Enviada em 27/11/2020

A obra vidas secas, de Graciliano Ramos, remete a história de uma família da qual busca por alternativas para garantir a sobrevivência em um cenário de incerteza. Embora seja um livro, ele descreve a realidade de muitas pessoas das quais vivem em extrema pobreza no Brasil, sendo 13,7 milhões de brasileiros, segundo o IBGE de 2020. Nesta perspectiva, o incentivo ao empreendedorismo social se torna um aliado no que remete ao equilíbrio tanto pela autonomia que este confere, quanto pelo fortalecimento econômico do país. Em primeiro lugar, o empreendedorismo social nada mais é do que a busca por melhorias e /ou inovação com o intuito de ajudar um grupo, comunidade ou classe social da qual nem sempre visa o lucro. Para Hobbes, o contrato social, é a renúncia aos direitos individuais para o Estado em nome da paz civil. No entanto, o Estado não cumpre com o seu dever e com isto a falta de recursos e meios para implementar novos projetos, se tornam gatilhos para que a ideia permaneça no papel e consequentemente fomente o desemprego. Todavia, empresas privadas que já tem estabilidade e tecnologia de ponta, acaba que assumindo a responsabilidade do Estado e investindo nas ações empreendedoras sociais.

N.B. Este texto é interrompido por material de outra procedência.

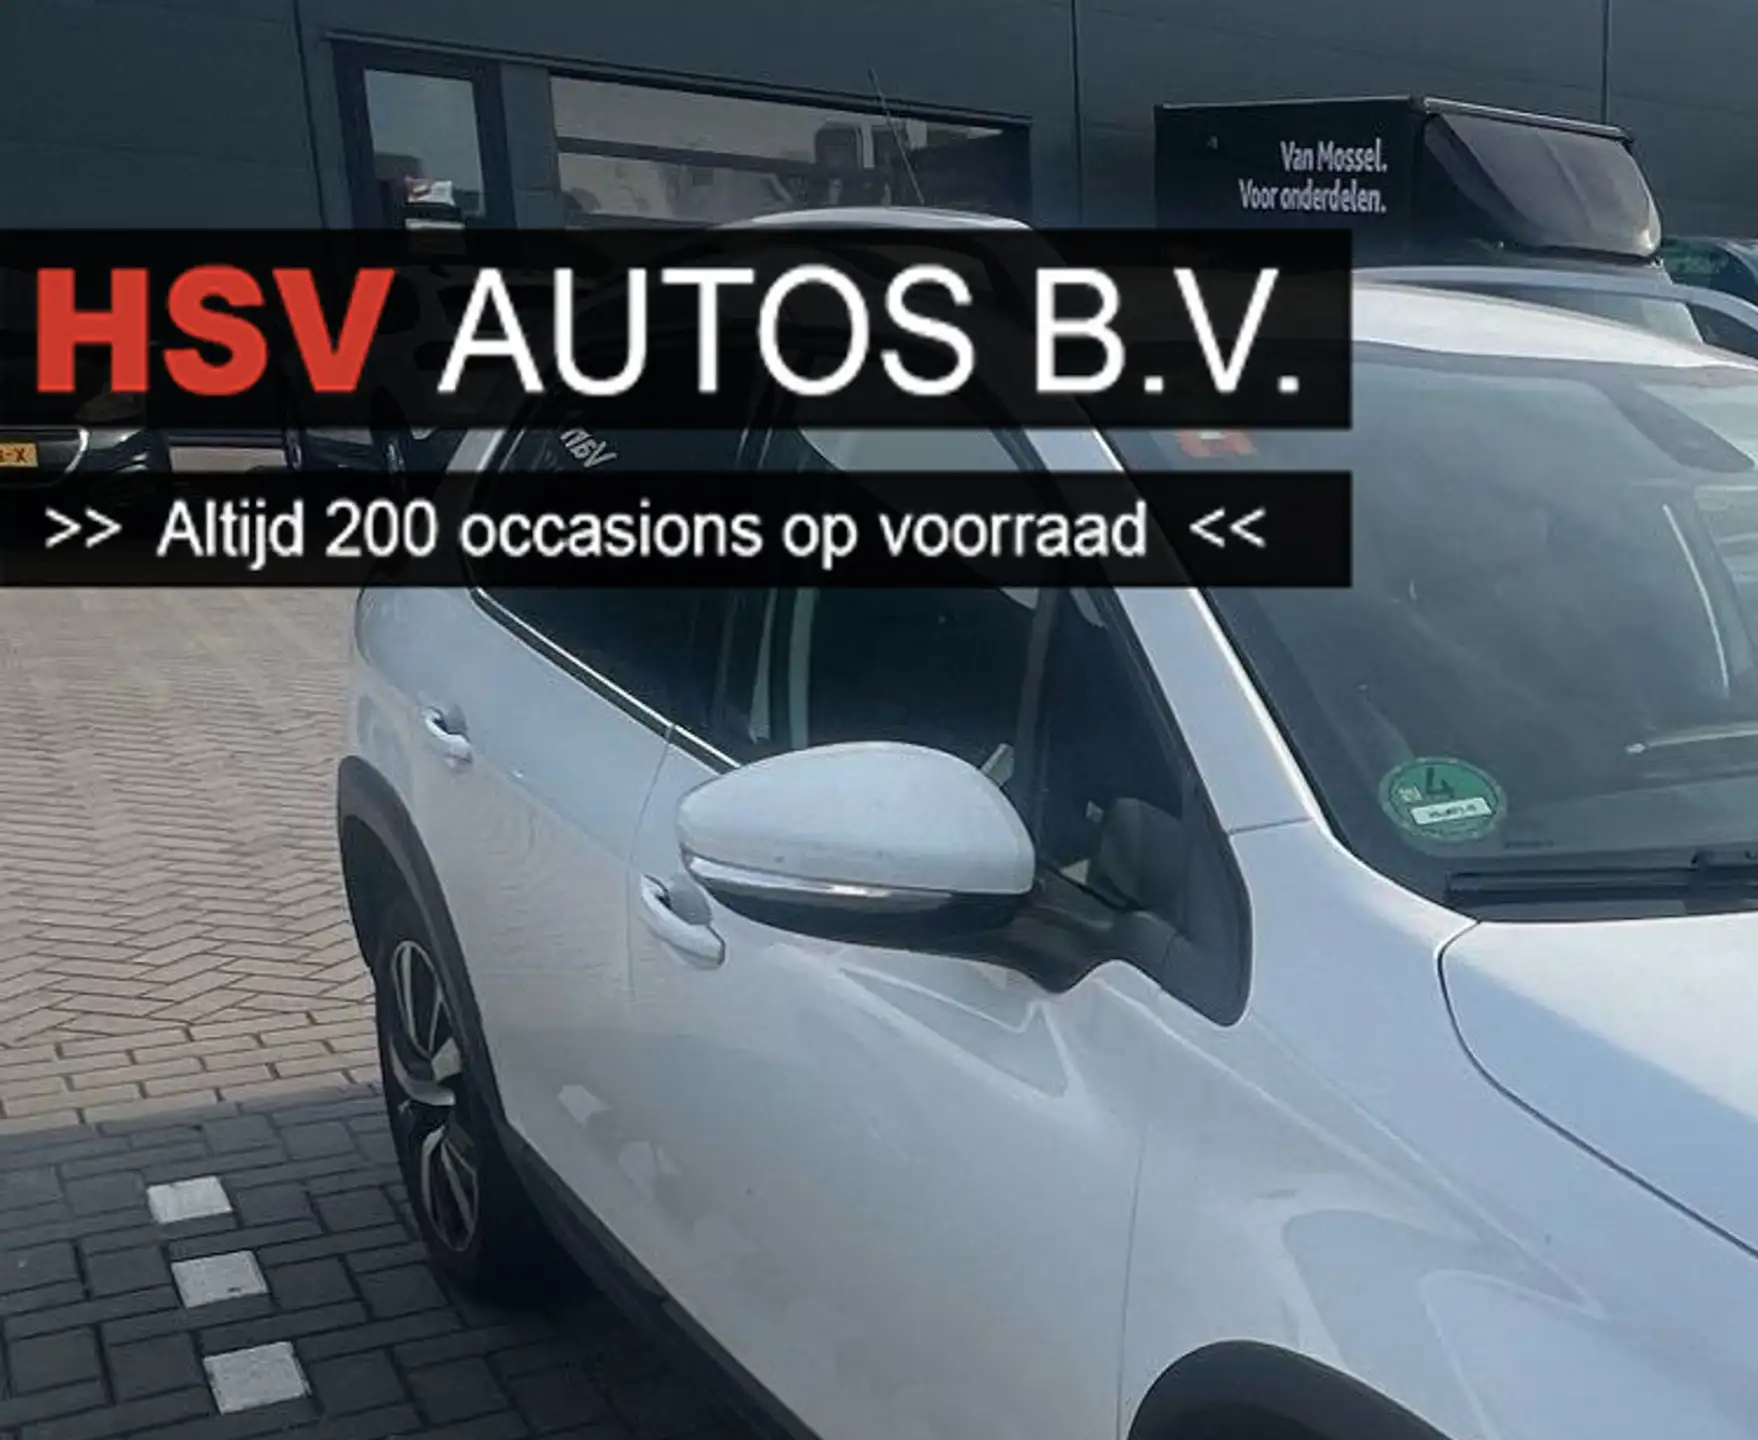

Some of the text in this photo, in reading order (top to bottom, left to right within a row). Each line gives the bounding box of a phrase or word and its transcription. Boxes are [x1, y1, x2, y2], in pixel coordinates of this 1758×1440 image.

[1279, 137, 1389, 173] Van Mossel.
[1238, 178, 1388, 213] Voor onderdelen.

Um exemplo disto, é o banco de Nova York (Citibank), conhecido como um dos maiores bancos do mundo, possui diversas ações voltadas ao pequeno empreendedor, como no caso dos produtores rurais. O banco antecipa recursos para os produtores de leite, permitindo que a Piracanjuba negocie melhor seus prazos junto aos seus fornecedores, reduzindo seus custos de compras e, principalmente, garantindo maior capital de giro aos produtores. Diante dos fatos supracitados, cabe ao Governo com apoio do Ministério da Educação e Desenvolvimento, investirem em iniciativas e recursos que possibilitem acesso à crédito e informação para pequenas famílias e microempreendedores no país. A expansão dos bancos de desenvolvimentos, também se tornam aliadas no que tange ao combate à desigualdade social. E por fim, cabe aos interessados, estarem atentos e preparados para contribuir com ideias inovadores e consequentemente aguçar a difusão destas iniciativas.